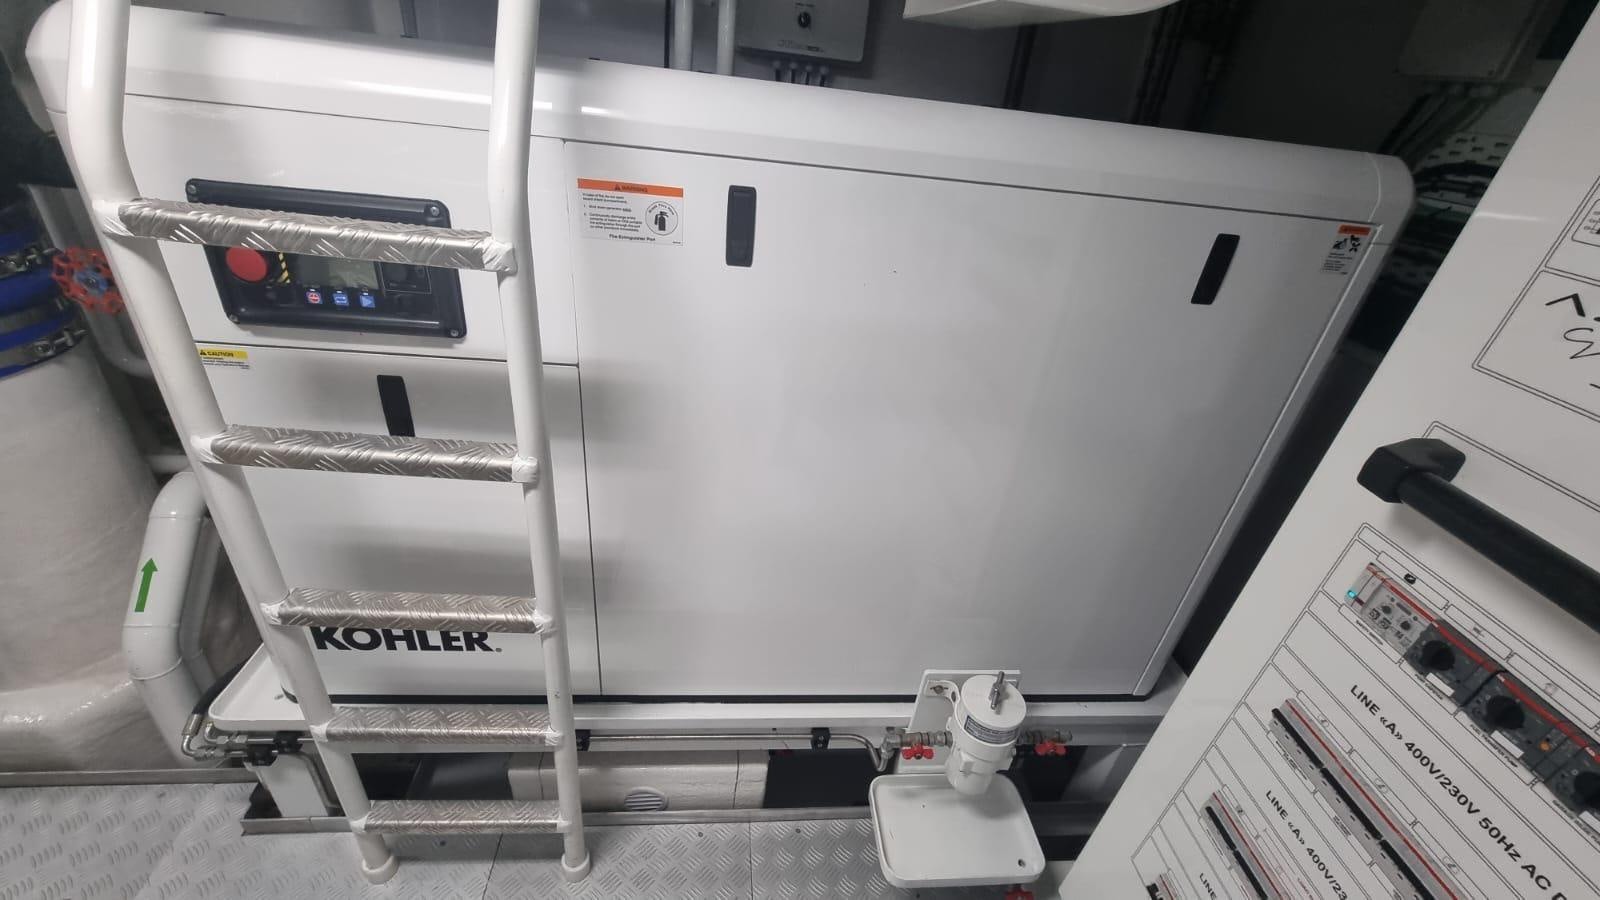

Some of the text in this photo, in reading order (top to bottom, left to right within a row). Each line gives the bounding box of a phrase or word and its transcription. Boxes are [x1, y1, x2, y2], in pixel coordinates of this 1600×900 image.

[1265, 790, 1289, 820] LINE
[1287, 821, 1305, 845] «A»
[1350, 684, 1381, 716] LINE
[1380, 715, 1403, 741] «A»
[1404, 741, 1481, 816] 400V/230V
[1478, 816, 1522, 862] 50Hz
[1521, 863, 1553, 891] AC
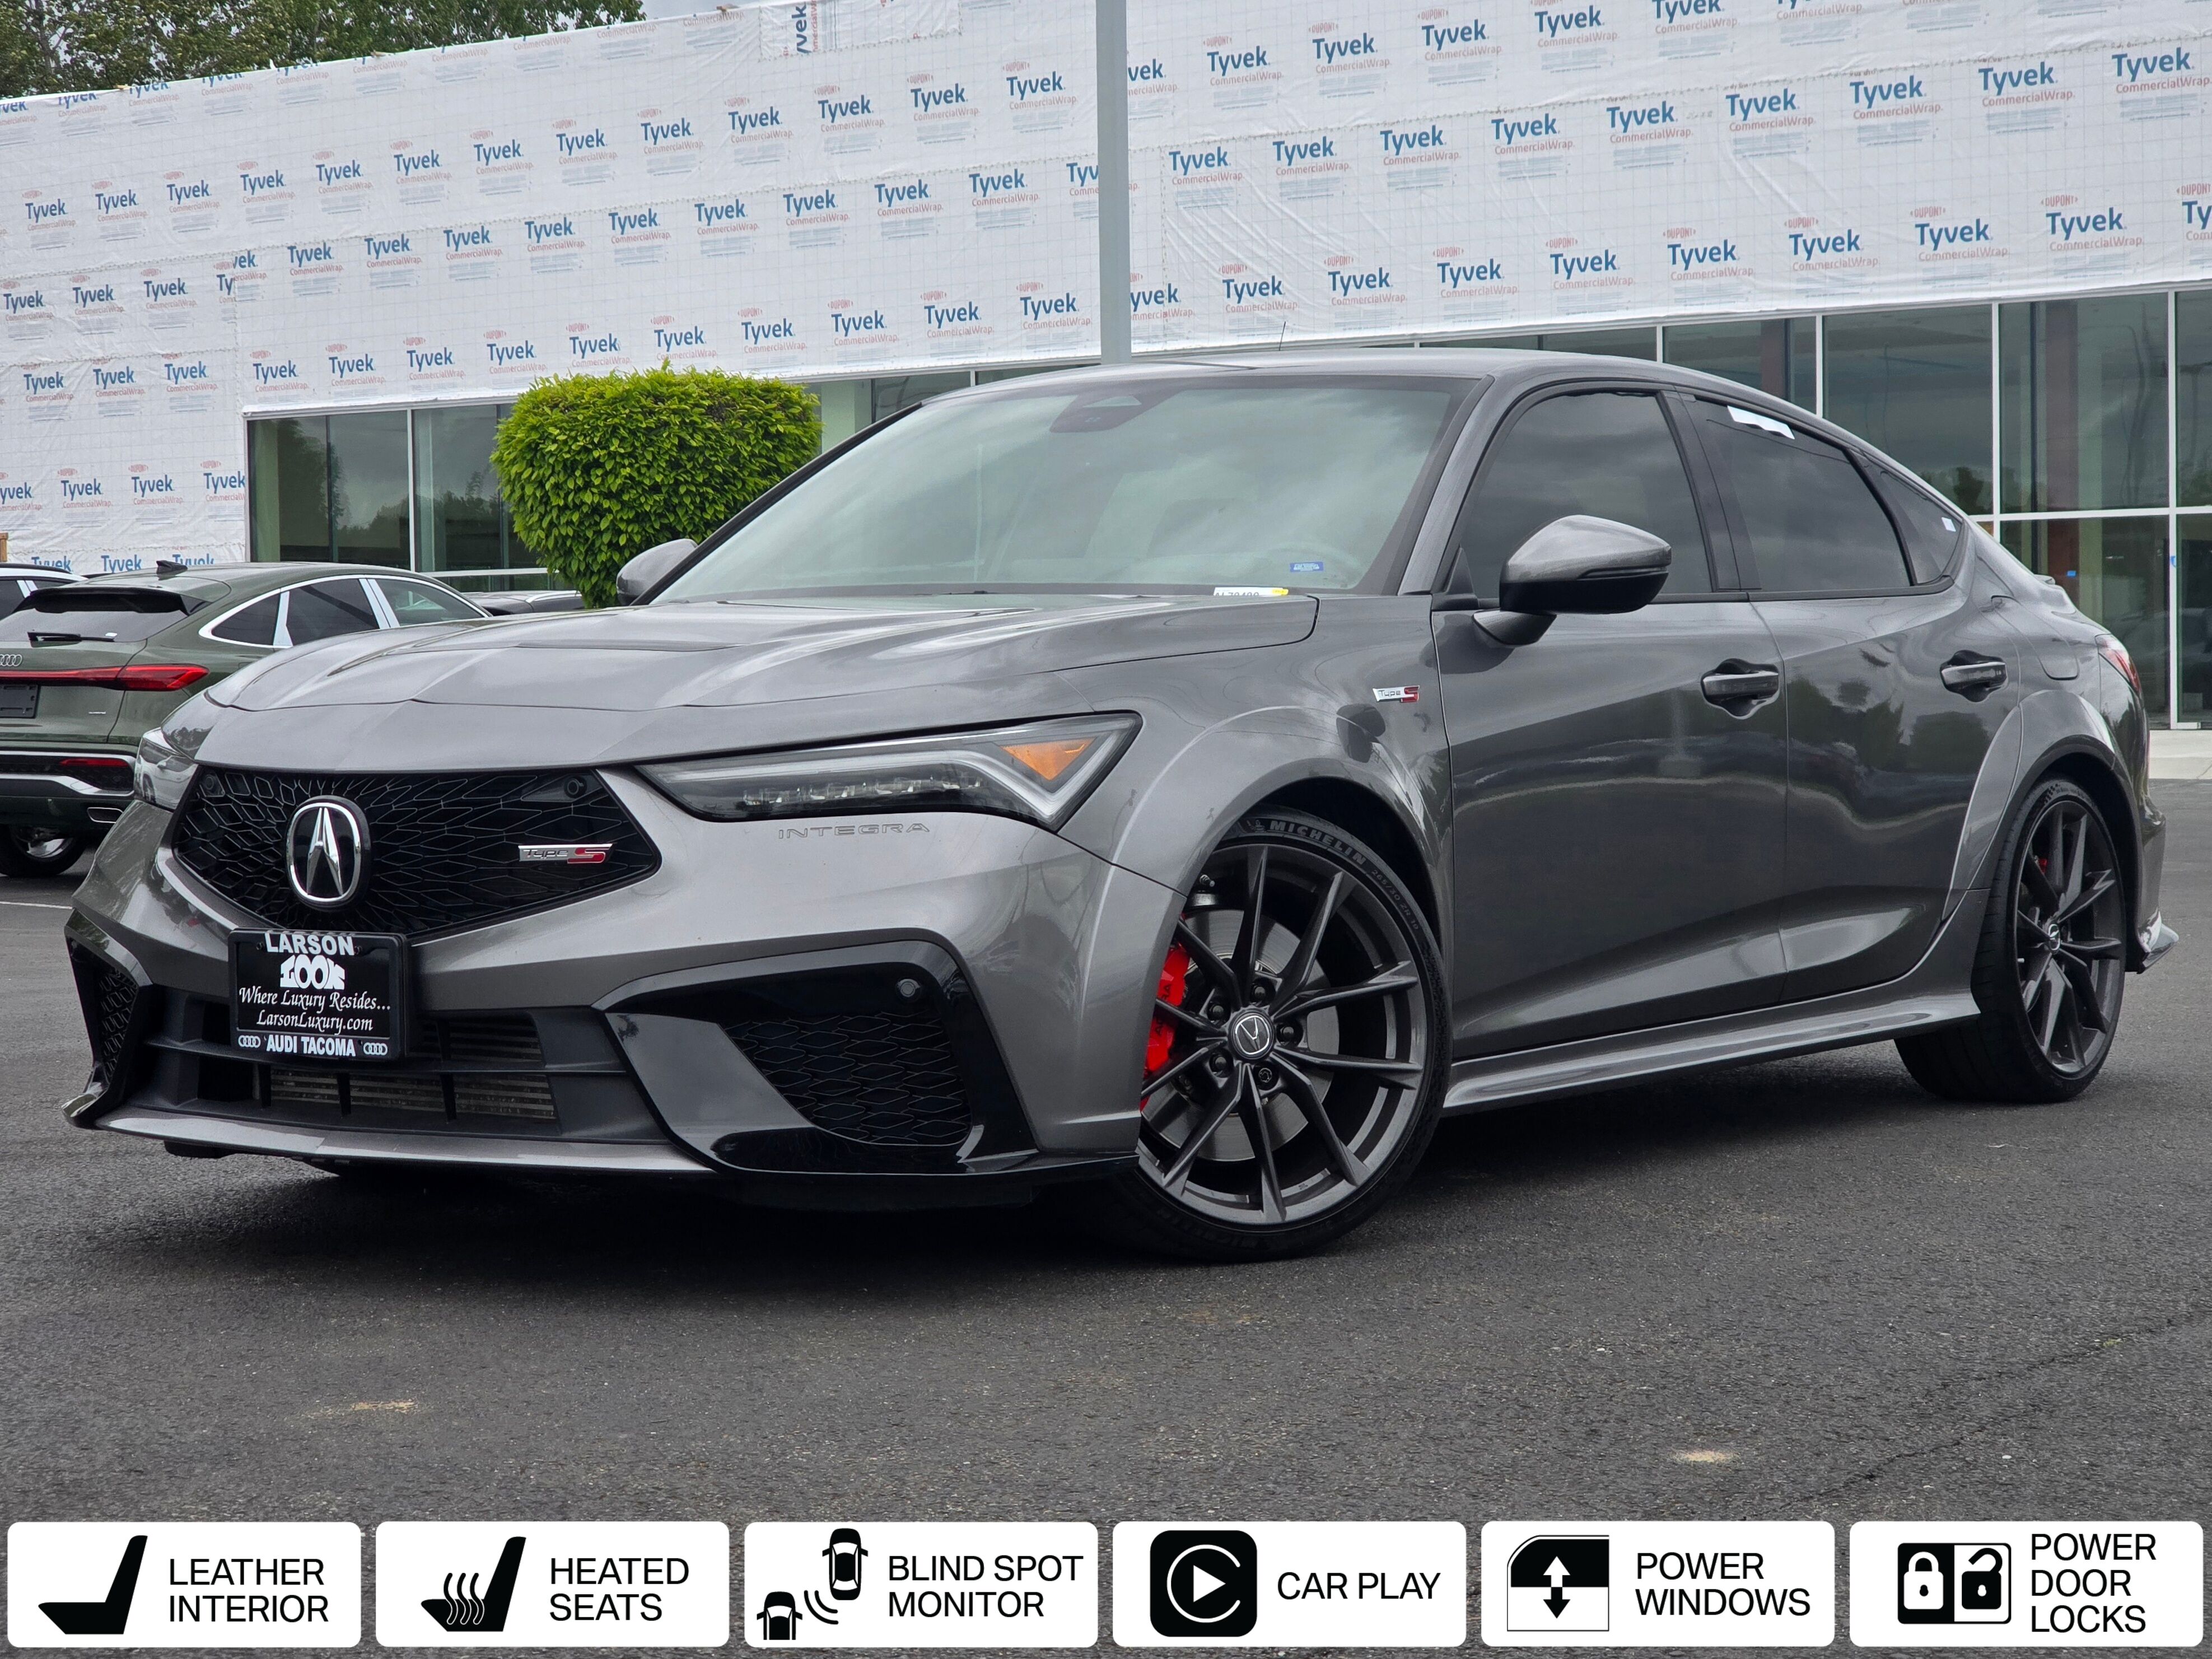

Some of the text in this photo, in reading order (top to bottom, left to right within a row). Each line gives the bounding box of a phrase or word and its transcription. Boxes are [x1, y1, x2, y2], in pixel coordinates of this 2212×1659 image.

[1534, 5, 1602, 39] Tyvek
[1776, 2, 1863, 21] CommercialWrap
[1421, 18, 1486, 52] Tyvek
[1655, 17, 1738, 34] CommercialWrap
[1312, 33, 1375, 65] Tyvek
[1538, 32, 1618, 49] CommercialWrap
[1206, 46, 1270, 77] Tyvek
[1426, 46, 1502, 62] CommercialWrap
[2111, 47, 2191, 83] Tyvek
[1126, 58, 1164, 82] vek
[1316, 59, 1391, 75] CommercialWrap
[1978, 61, 2055, 97] Tyvek
[1006, 71, 1063, 101] Tyvek
[1210, 72, 1285, 87] CommercialWrap
[2117, 75, 2211, 93] CommercialWrap
[911, 83, 966, 113] Tyvek
[1009, 96, 1077, 111] CommercialWrap
[1849, 74, 1923, 110] Tyvek
[1984, 90, 2074, 107] CommercialWrap
[818, 95, 871, 124] Tyvek
[1725, 87, 1796, 122] Tyvek
[1855, 102, 1942, 120] CommercialWrap
[728, 107, 781, 135] Tyvek
[822, 119, 884, 133] CommercialWrap
[1606, 100, 1675, 134] Tyvek
[1730, 115, 1814, 132] CommercialWrap
[640, 117, 694, 145] Tyvek
[1379, 125, 1444, 157] Tyvek
[1491, 113, 1557, 146] Tyvek
[1611, 128, 1692, 145] CommercialWrap
[474, 139, 522, 166] Tyvek
[556, 128, 608, 157] Tyvek
[1272, 136, 1334, 167] Tyvek
[1495, 140, 1574, 156] CommercialWrap
[394, 151, 440, 176] Tyvek
[1168, 146, 1229, 176] Tyvek
[1276, 162, 1350, 178] CommercialWrap
[1384, 151, 1459, 167] CommercialWrap
[241, 171, 284, 195] Tyvek
[316, 161, 361, 185] Tyvek
[968, 169, 1025, 198] Tyvek
[1066, 162, 1099, 188] Tyv
[1172, 171, 1243, 186] CommercialWrap
[166, 181, 210, 204] Tyvek
[874, 179, 929, 208] Tyvek
[972, 193, 1039, 208] CommercialWrap
[2181, 183, 2211, 195] DUPONT
[26, 199, 67, 222] Tyvek
[96, 192, 138, 214] Tyvek
[694, 198, 746, 227] Tyvek
[782, 189, 836, 218] Tyvek
[878, 204, 942, 218] CommercialWrap
[525, 217, 573, 244] Tyvek
[609, 208, 658, 236] Tyvek
[2045, 207, 2123, 241] Tyvek
[364, 234, 410, 260] Tyvek
[444, 226, 491, 252] Tyvek
[1788, 229, 1860, 262] Tyvek
[1915, 218, 1990, 252] Tyvek
[2051, 234, 2142, 251] CommercialWrap
[234, 250, 256, 269] vek
[287, 244, 332, 268] Tyvek
[1550, 249, 1617, 281] Tyvek
[1667, 239, 1737, 272] Tyvek
[1793, 255, 1878, 272] CommercialWrap
[1920, 245, 2008, 262] CommercialWrap
[1327, 268, 1390, 298] Tyvek
[1436, 259, 1502, 290] Tyvek
[1554, 275, 1634, 291] CommercialWrap
[1672, 265, 1754, 282] CommercialWrap
[73, 285, 114, 307] Tyvek
[144, 280, 186, 301] Tyvek
[1130, 282, 1180, 313] yvek
[1222, 277, 1283, 305] Tyvek
[1331, 292, 1406, 308] CommercialWrap
[1441, 283, 1518, 300] CommercialWrap
[4, 292, 44, 314] Tyvek
[1019, 292, 1077, 322] Tyvek
[1131, 308, 1194, 321] mmercialWrap
[1226, 300, 1298, 315] CommercialWrap
[832, 311, 887, 338] Tyvek
[923, 301, 981, 330] Tyvek
[1023, 317, 1091, 332] CommercialWrap
[654, 327, 704, 353] Tyvek
[741, 319, 795, 346] Tyvek
[927, 325, 995, 340] CommercialWrap
[487, 341, 535, 366] Tyvek
[570, 333, 619, 360] Tyvek
[253, 361, 297, 385] Tyvek
[329, 354, 375, 378] Tyvek
[406, 349, 454, 373] Tyvek
[24, 372, 64, 395] Tyvek
[93, 367, 135, 389] Tyvek
[164, 361, 207, 386] Tyvek
[0, 482, 32, 502] yvek
[62, 478, 101, 500] Tyvek
[133, 474, 173, 497] Tyvek
[205, 471, 246, 493] Tyvek
[1378, 685, 1420, 703] Type S
[778, 823, 930, 839] INTEGRA
[1270, 819, 1366, 865] MICHELIN
[523, 845, 612, 864] Type S
[265, 931, 354, 956] LARSON
[239, 986, 391, 1013] Where Luxury Resides...
[256, 1009, 374, 1036] LarsonLuxury.com
[267, 1034, 356, 1056] AUDI TACOMA

_____

What this task involves :: Return all the records above exactly, pictures omitted.

Written solution ::
Some of the text in this photo, in reading order (top to bottom, left to right within a row). Each line gives the bounding box of a phrase or word and its transcription. Boxes are [x1, y1, x2, y2], in pixel coordinates of this 1600×900 image.

[1265, 790, 1289, 820] LINE
[1287, 821, 1305, 845] «A»
[1350, 684, 1381, 716] LINE
[1380, 715, 1403, 741] «A»
[1404, 741, 1481, 816] 400V/230V
[1478, 816, 1522, 862] 50Hz
[1521, 863, 1553, 891] AC

Some of the text in this photo, in reading order (top to bottom, left to right within a row). Each line gives the bounding box of a phrase or word and its transcription. Boxes are [x1, y1, x2, y2], in pixel coordinates of this 2212×1659 image.

[1534, 5, 1602, 39] Tyvek
[1776, 2, 1863, 21] CommercialWrap
[1421, 18, 1486, 52] Tyvek
[1655, 17, 1738, 34] CommercialWrap
[1312, 33, 1375, 65] Tyvek
[1538, 32, 1618, 49] CommercialWrap
[1206, 46, 1270, 77] Tyvek
[1426, 46, 1502, 62] CommercialWrap
[2111, 47, 2191, 83] Tyvek
[1126, 58, 1164, 82] vek
[1316, 59, 1391, 75] CommercialWrap
[1978, 61, 2055, 97] Tyvek
[1006, 71, 1063, 101] Tyvek
[1210, 72, 1285, 87] CommercialWrap
[2117, 75, 2211, 93] CommercialWrap
[911, 83, 966, 113] Tyvek
[1009, 96, 1077, 111] CommercialWrap
[1849, 74, 1923, 110] Tyvek
[1984, 90, 2074, 107] CommercialWrap
[818, 95, 871, 124] Tyvek
[1725, 87, 1796, 122] Tyvek
[1855, 102, 1942, 120] CommercialWrap
[728, 107, 781, 135] Tyvek
[822, 119, 884, 133] CommercialWrap
[1606, 100, 1675, 134] Tyvek
[1730, 115, 1814, 132] CommercialWrap
[640, 117, 694, 145] Tyvek
[1379, 125, 1444, 157] Tyvek
[1491, 113, 1557, 146] Tyvek
[1611, 128, 1692, 145] CommercialWrap
[474, 139, 522, 166] Tyvek
[556, 128, 608, 157] Tyvek
[1272, 136, 1334, 167] Tyvek
[1495, 140, 1574, 156] CommercialWrap
[394, 151, 440, 176] Tyvek
[1168, 146, 1229, 176] Tyvek
[1276, 162, 1350, 178] CommercialWrap
[1384, 151, 1459, 167] CommercialWrap
[241, 171, 284, 195] Tyvek
[316, 161, 361, 185] Tyvek
[968, 169, 1025, 198] Tyvek
[1066, 162, 1099, 188] Tyv
[1172, 171, 1243, 186] CommercialWrap
[166, 181, 210, 204] Tyvek
[874, 179, 929, 208] Tyvek
[972, 193, 1039, 208] CommercialWrap
[2181, 183, 2211, 195] DUPONT
[26, 199, 67, 222] Tyvek
[96, 192, 138, 214] Tyvek
[694, 198, 746, 227] Tyvek
[782, 189, 836, 218] Tyvek
[878, 204, 942, 218] CommercialWrap
[525, 217, 573, 244] Tyvek
[609, 208, 658, 236] Tyvek
[2045, 207, 2123, 241] Tyvek
[364, 234, 410, 260] Tyvek
[444, 226, 491, 252] Tyvek
[1788, 229, 1860, 262] Tyvek
[1915, 218, 1990, 252] Tyvek
[2051, 234, 2142, 251] CommercialWrap
[234, 250, 256, 269] vek
[287, 244, 332, 268] Tyvek
[1550, 249, 1617, 281] Tyvek
[1667, 239, 1737, 272] Tyvek
[1793, 255, 1878, 272] CommercialWrap
[1920, 245, 2008, 262] CommercialWrap
[1327, 268, 1390, 298] Tyvek
[1436, 259, 1502, 290] Tyvek
[1554, 275, 1634, 291] CommercialWrap
[1672, 265, 1754, 282] CommercialWrap
[73, 285, 114, 307] Tyvek
[144, 280, 186, 301] Tyvek
[1130, 282, 1180, 313] yvek
[1222, 277, 1283, 305] Tyvek
[1331, 292, 1406, 308] CommercialWrap
[1441, 283, 1518, 300] CommercialWrap
[4, 292, 44, 314] Tyvek
[1019, 292, 1077, 322] Tyvek
[1131, 308, 1194, 321] mmercialWrap
[1226, 300, 1298, 315] CommercialWrap
[832, 311, 887, 338] Tyvek
[923, 301, 981, 330] Tyvek
[1023, 317, 1091, 332] CommercialWrap
[654, 327, 704, 353] Tyvek
[741, 319, 795, 346] Tyvek
[927, 325, 995, 340] CommercialWrap
[487, 341, 535, 366] Tyvek
[570, 333, 619, 360] Tyvek
[253, 361, 297, 385] Tyvek
[329, 354, 375, 378] Tyvek
[406, 349, 454, 373] Tyvek
[24, 372, 64, 395] Tyvek
[93, 367, 135, 389] Tyvek
[164, 361, 207, 386] Tyvek
[0, 482, 32, 502] yvek
[62, 478, 101, 500] Tyvek
[133, 474, 173, 497] Tyvek
[205, 471, 246, 493] Tyvek
[1378, 685, 1420, 703] Type S
[778, 823, 930, 839] INTEGRA
[1270, 819, 1366, 865] MICHELIN
[523, 845, 612, 864] Type S
[265, 931, 354, 956] LARSON
[239, 986, 391, 1013] Where Luxury Resides...
[256, 1009, 374, 1036] LarsonLuxury.com
[267, 1034, 356, 1056] AUDI TACOMA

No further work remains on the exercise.